BTW, uncompensated care has hit a historic low as a percentage of expenses. This figure remained unchanged from 2016 to 2017, despite a 7% increase in community hospital operating expenses.

My simple observation is consistent with data from the U.S. Government Accountability Office (GAO). In a June 2018 report, the GAO found that more than 20% of 340B hospitals provide minimal amounts of charity care. Links and my discussion appear in our July 2018 news roundup.

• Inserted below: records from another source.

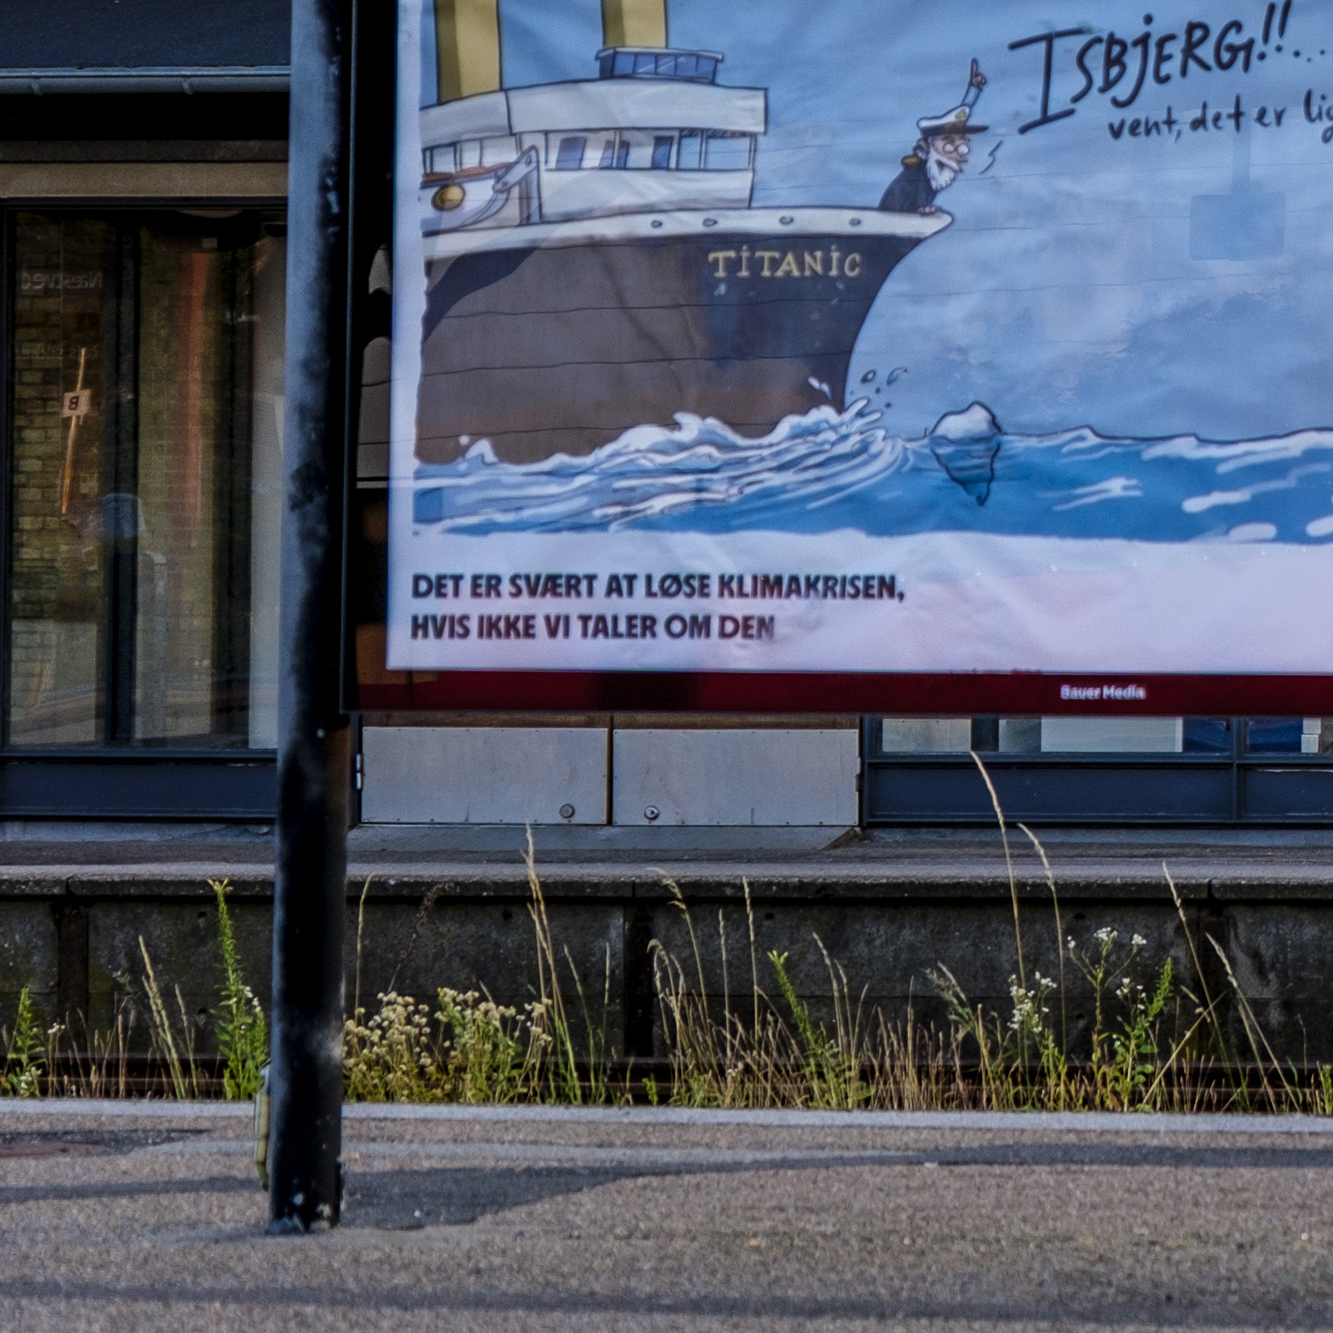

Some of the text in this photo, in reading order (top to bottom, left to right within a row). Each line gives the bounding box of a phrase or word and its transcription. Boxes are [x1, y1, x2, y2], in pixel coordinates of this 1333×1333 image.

[1188, 94, 1246, 133] det
[1253, 107, 1286, 127] er
[411, 571, 906, 602] DET ER SVÆRT AT LØSE KLIMAKRISEN,
[410, 612, 777, 640] HVIS IKKE VI TALER OM DEN
[1060, 684, 1146, 700] Bauer Media
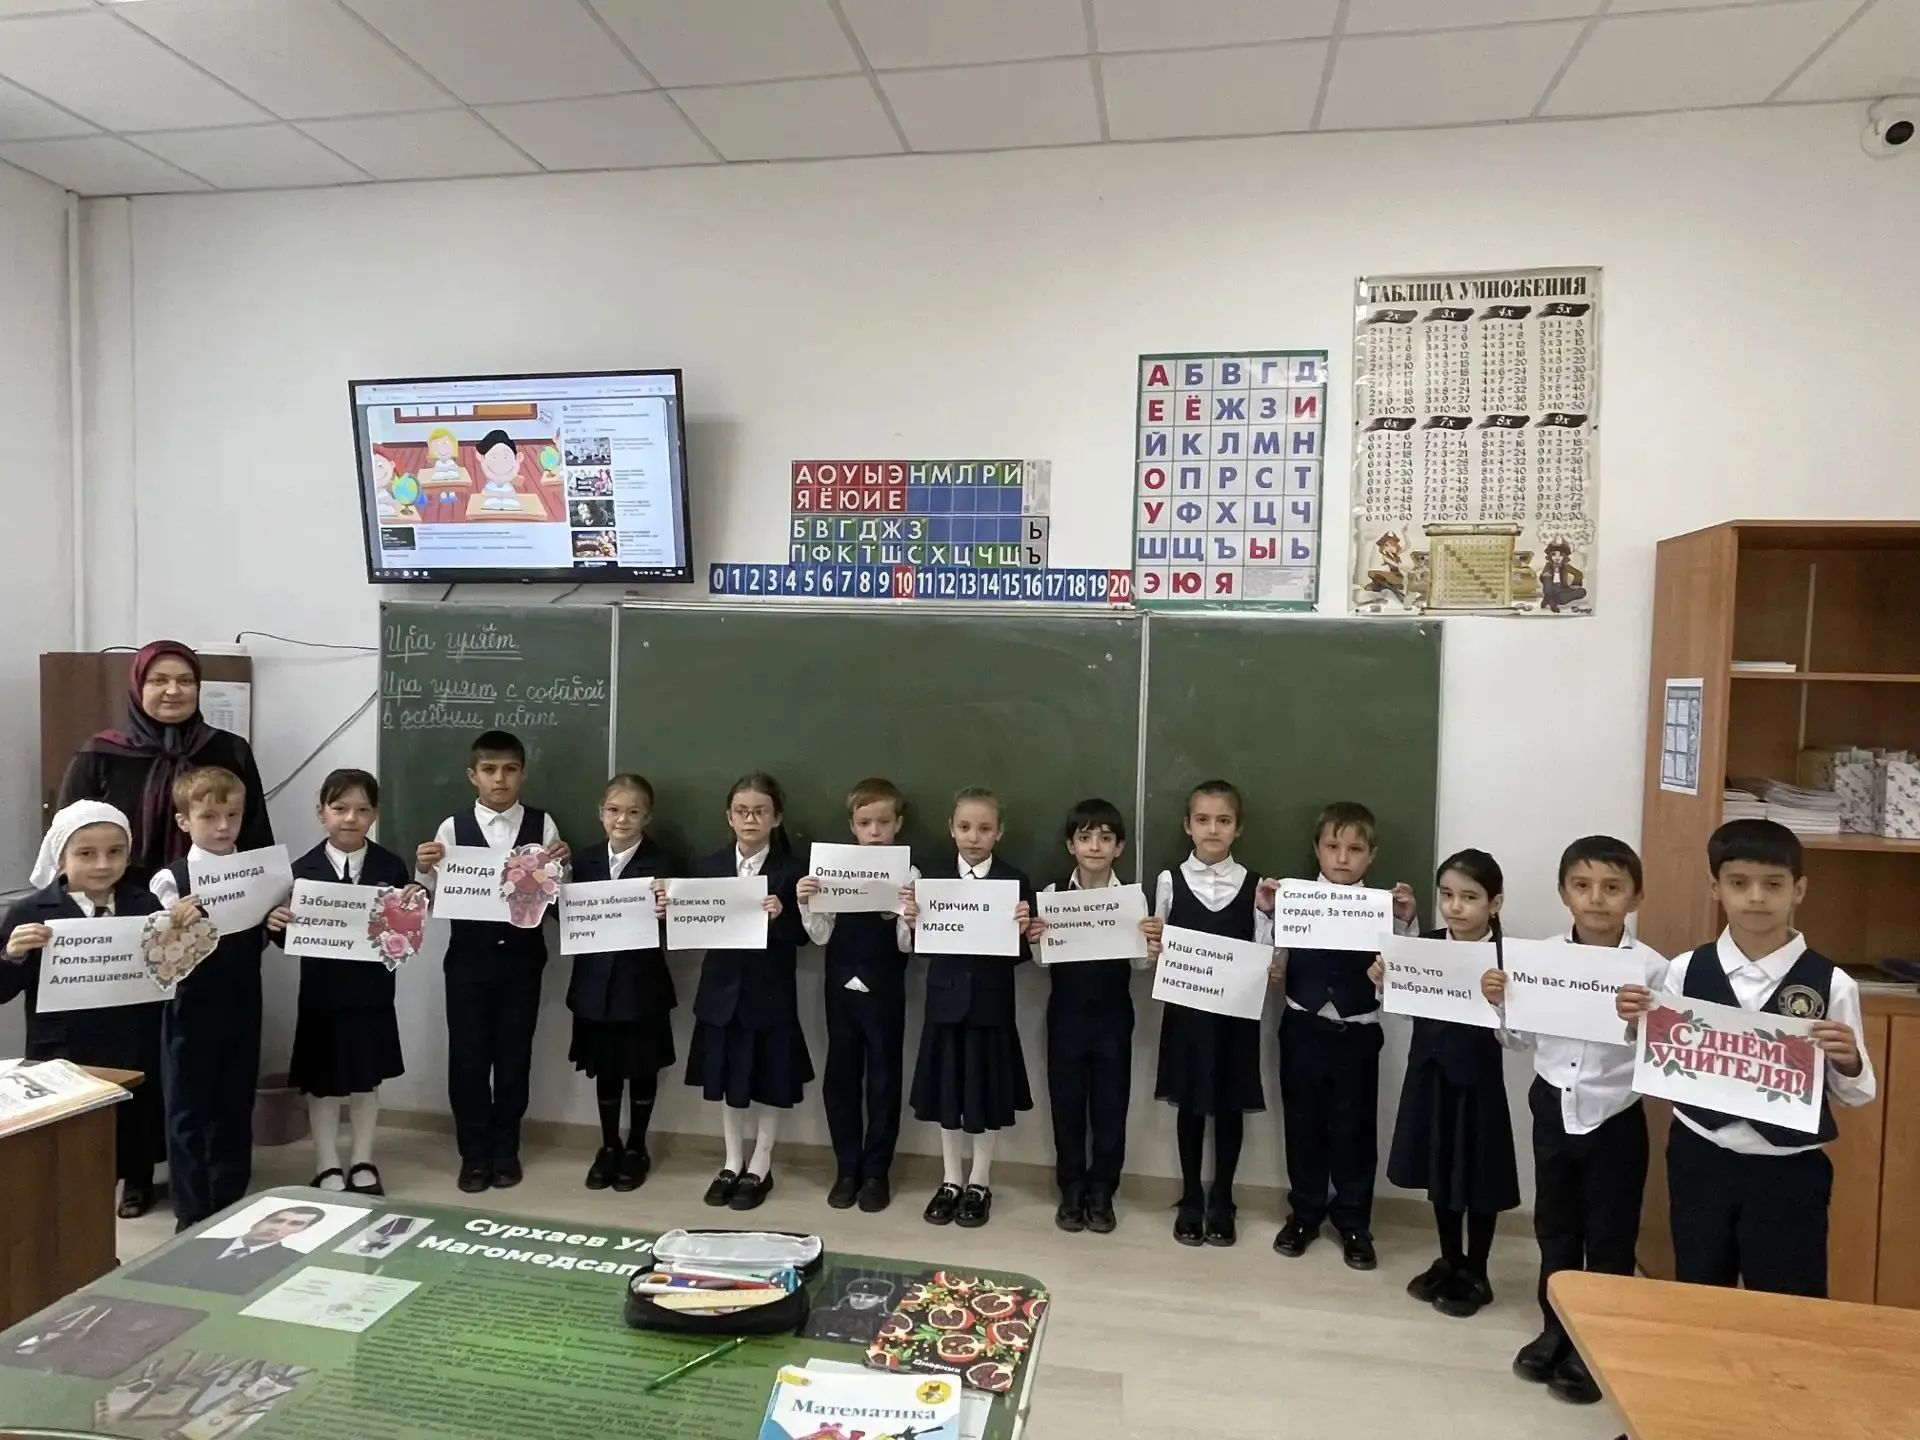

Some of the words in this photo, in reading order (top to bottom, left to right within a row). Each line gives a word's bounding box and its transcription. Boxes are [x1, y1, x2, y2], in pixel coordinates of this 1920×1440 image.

[1368, 282, 1454, 304] ТАБЛИЦА
[1459, 277, 1587, 300] УМНОЖЕНИЯ
[1148, 365, 1169, 386] А
[1185, 363, 1204, 385] Б
[1222, 363, 1241, 384] В
[1262, 362, 1278, 383] Г
[1295, 361, 1316, 382] Д
[1149, 400, 1164, 421] Е
[1186, 395, 1201, 420] Ё
[1215, 398, 1245, 419] Ж
[1260, 398, 1276, 419] З
[1295, 396, 1316, 418] И
[1145, 431, 1166, 456] Й
[1182, 433, 1202, 455] К
[1218, 432, 1239, 454] Л
[1253, 432, 1279, 454] М
[1293, 432, 1314, 454] Н
[796, 465, 812, 484] А
[818, 465, 836, 484] О
[843, 465, 858, 483] У
[865, 465, 882, 484] Ы
[888, 465, 903, 484] Э
[910, 465, 926, 484] Н
[931, 465, 951, 484] М
[956, 465, 972, 484] Л
[983, 465, 995, 484] Р
[1004, 464, 1020, 484] Й
[1145, 468, 1165, 489] О
[1180, 467, 1200, 489] П
[1219, 467, 1237, 488] Р
[1256, 467, 1272, 488] С
[1295, 467, 1311, 488] Т
[797, 490, 809, 509] Я
[821, 488, 832, 508] Ё
[840, 490, 860, 509] Ю
[864, 491, 880, 509] И
[889, 491, 901, 509] Е
[1144, 502, 1164, 523] У
[1176, 502, 1201, 523] Ф
[1216, 502, 1237, 523] Х
[1253, 502, 1276, 525] Ц
[1292, 501, 1310, 523] Ч
[794, 520, 805, 538] Б
[816, 520, 828, 538] В
[841, 520, 851, 538] Г
[859, 521, 877, 541] Д
[1138, 538, 1167, 559] Ш
[1173, 538, 1204, 561] Щ
[1214, 538, 1236, 559] Ъ
[1250, 538, 1276, 559] Ы
[1292, 538, 1310, 559] Ь
[714, 569, 724, 589] 0
[733, 569, 740, 589] 1
[750, 569, 759, 590] 2
[768, 569, 777, 590] 3
[786, 570, 796, 591] 4
[804, 570, 814, 591] 5
[823, 570, 833, 592] 6
[842, 571, 852, 592] 7
[860, 571, 870, 592] 8
[879, 572, 889, 592] 9
[896, 569, 912, 594] 10
[917, 572, 932, 593] 11
[938, 573, 955, 594] 12
[960, 573, 976, 594] 13
[981, 573, 999, 595] 14
[1003, 574, 1020, 595] 15
[1024, 574, 1041, 596] 16
[1046, 574, 1064, 596] 17
[1067, 574, 1085, 596] 18
[1089, 575, 1107, 596] 19
[1110, 575, 1129, 597] 20
[1144, 573, 1160, 593] Э
[1172, 573, 1201, 594] Ю
[1216, 573, 1232, 594] Я
[506, 684, 517, 697] с
[198, 875, 221, 886] Мы
[224, 864, 265, 882] иногда
[446, 863, 495, 877] Иногда
[816, 867, 890, 880] Опаздываем
[199, 890, 245, 907] шумим
[443, 886, 491, 896] шалим
[1283, 891, 1327, 900] Спасибо
[1355, 893, 1367, 901] за
[299, 895, 367, 910] Забываем
[566, 899, 599, 908] Иногда
[601, 895, 646, 904] забываем
[672, 898, 710, 906] Бежим
[929, 900, 979, 912] Кричим
[983, 904, 990, 912] в
[1045, 905, 1060, 914] Но
[1084, 901, 1120, 912] всегда
[567, 912, 603, 923] тетради
[605, 911, 622, 919] или
[674, 915, 725, 924] коридору
[1327, 908, 1340, 917] За
[1343, 910, 1374, 919] тепло
[295, 917, 347, 928] сделать
[922, 922, 964, 932] классе
[1098, 919, 1115, 927] что
[54, 935, 112, 948] Дорогая
[293, 935, 354, 949] домашку
[569, 930, 596, 939] ручку
[52, 952, 134, 965] Гюльзарият
[1168, 940, 1192, 954] Наш
[1196, 948, 1234, 962] самый
[1165, 960, 1213, 976] главный
[1388, 962, 1401, 972] За
[1404, 965, 1420, 976] то,
[1423, 968, 1443, 977] что
[1162, 977, 1224, 997] наставник!
[1513, 971, 1538, 984] Мы
[1542, 976, 1565, 987] вас
[1391, 983, 1443, 996] выбрали
[1447, 989, 1471, 1000] нас!
[1670, 1023, 1692, 1046] С
[1703, 1029, 1786, 1063] ДНЁМ
[1651, 1043, 1805, 1096] УЧИТЕЛЯ!
[464, 1219, 608, 1247] Сурхаев
[791, 1399, 936, 1420] Математика

Hospitals have many non-340B, government-granted incentives to subsidize charity care. The majority of hospitals in the United States operate as nonprofit organizations and, as such, are exempt from most federal, state, and local taxes. In exchange, they are expected to provide various "community benefits" to maintain this non-profit status. (See Nonprofit Hospitals' Community Benefit Requirements from the Robert Wood Johnson Foundation.) Much of the uncompensated care reported in the chart above is tied to these requirements—and not to the 340B program.


Long time readers know that I think the 340B program is long overdue for reform, especially in light of the many abuses and problems that have been uncovered. Substantial evidence suggests that 340B savings are not always shared with patients and their insurance providers, including Medicare.